**Exercise description**
What is needed is an exact copy of all the records, written out in full.

━━━

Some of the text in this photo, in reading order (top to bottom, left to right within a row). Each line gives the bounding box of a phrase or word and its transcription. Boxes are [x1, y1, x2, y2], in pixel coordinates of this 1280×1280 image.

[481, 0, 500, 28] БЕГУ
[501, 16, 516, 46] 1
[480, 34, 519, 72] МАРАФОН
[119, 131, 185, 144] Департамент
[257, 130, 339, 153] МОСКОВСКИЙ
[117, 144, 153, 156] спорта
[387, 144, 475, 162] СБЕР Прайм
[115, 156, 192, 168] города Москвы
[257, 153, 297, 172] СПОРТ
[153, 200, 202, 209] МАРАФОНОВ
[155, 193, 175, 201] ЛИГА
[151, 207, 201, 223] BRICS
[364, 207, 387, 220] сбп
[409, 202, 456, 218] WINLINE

━━━

**Output for this task**
Some of the text in this photo, in reading order (top to bottom, left to right within a row). Each line gives the bounding box of a phrase or word and its transcription. Boxes are [x1, y1, x2, y2], in pixel coordinates of this 1280×1280 image.

[481, 0, 500, 28] БЕГУ
[501, 16, 516, 46] 1
[480, 34, 519, 72] МАРАФОН
[119, 131, 185, 144] Департамент
[257, 130, 339, 153] МОСКОВСКИЙ
[117, 144, 153, 156] спорта
[387, 144, 475, 162] СБЕР Прайм
[115, 156, 192, 168] города Москвы
[257, 153, 297, 172] СПОРТ
[153, 200, 202, 209] МАРАФОНОВ
[155, 193, 175, 201] ЛИГА
[151, 207, 201, 223] BRICS
[364, 207, 387, 220] сбп
[409, 202, 456, 218] WINLINE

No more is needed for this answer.